The cost of timing out

time to read 2 min | 399 words

Let’s assume that you want to make a remote call to another server. Your code looks something like this:

var response = await httpClient.GetAsync("https://api.myservice.app/v1/create-snap", cancellationTokenSource.Token);

This is simple, and it works, until you realize that you have a problem. By default, this request will time out in 100 seconds. You can set it to a shorter timeout using HttpClient.Timeout property, but that will lead to other problems.

The problem is that internally, inside HttpClient, if you are using a Timeout, it will call CancellationTokenSource.CancelAfter(). That is... what we want to do, no?

Well, in theory, but there is a problem with this approach. Let's sa look at how this actually works, shall we?

It ends up setting up a Timer instance, as you can see in the code. The problem is that this will modify a global value (well, one of them, there are by default N timers in the process, where N is the number of CPUs that you have on the machine.

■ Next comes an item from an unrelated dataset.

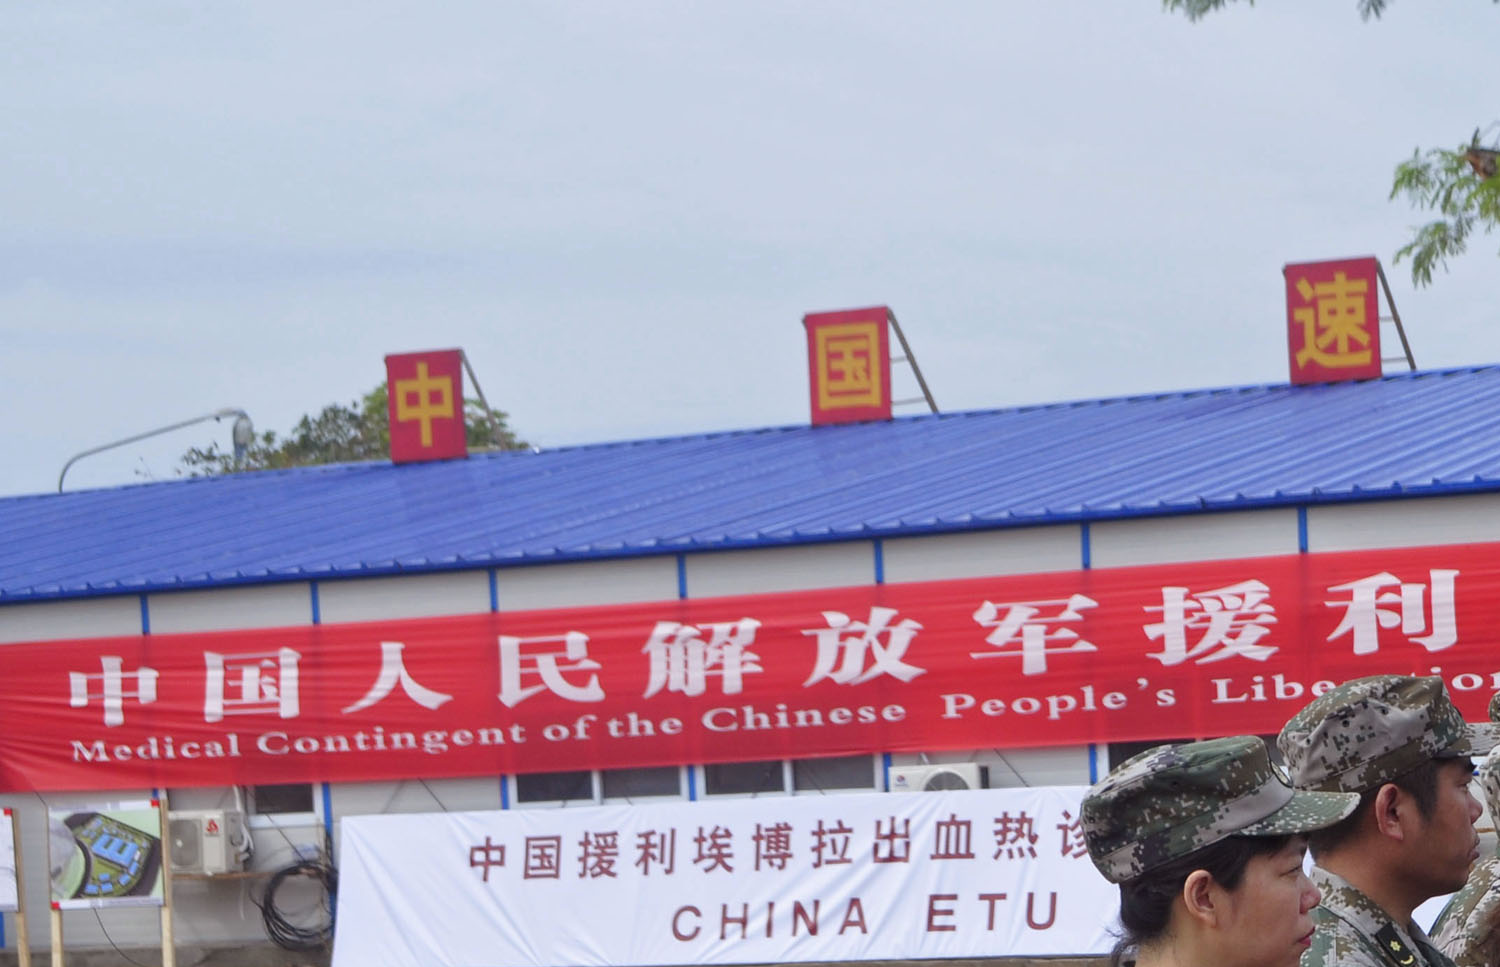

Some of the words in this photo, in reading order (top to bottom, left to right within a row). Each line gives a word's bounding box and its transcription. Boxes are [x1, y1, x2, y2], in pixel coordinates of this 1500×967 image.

What that means is that in order to register a timeout, you need to take a look. If you have a high concurrency situation, setting up the timeouts may be incredibly expensive.

Given that the timeout is usually a fixed value, within RavenDB we solved that using a different manner. We set up a set of timers that will go off periodically and then use this instead. We can request a task that will be completed on the next timeout duration. This way, we'll not be contending on the global locks, and we'll have a single value to set when the timeout happens.

The code we use ends up being somewhat more complex:

var sendTask = httpClient.GetAsync("https://api.myservice.app/v1/create-snap", cancellationTokenSource.Token);
var waitTask = TimeoutManager.WaitFor(TimeSpan.FromSeconds(15), cancellationTokenSource.Token);

if (Task.WaitAny(sendTask, waitTask) == 1)
{
        throw new TimeoutException("The request to the service timed out.");
}

Because we aren't spending a lot of time doing setup for a (rare) event, we can complete things a lot faster.

I don't like this approach, to be honest. I would rather have a better system in place, but it is a good workaround for a serious problem when you are dealing with high-performance systems.

You can see how we implemented the TimeoutManager inside RavenDB, the goal was to get roughly the same time frame, but we are absolutely fine with doing roughly the right thing, rather than pay the full cost of doing this exactly as needed. For our scenario, roughly is more than accurate enough.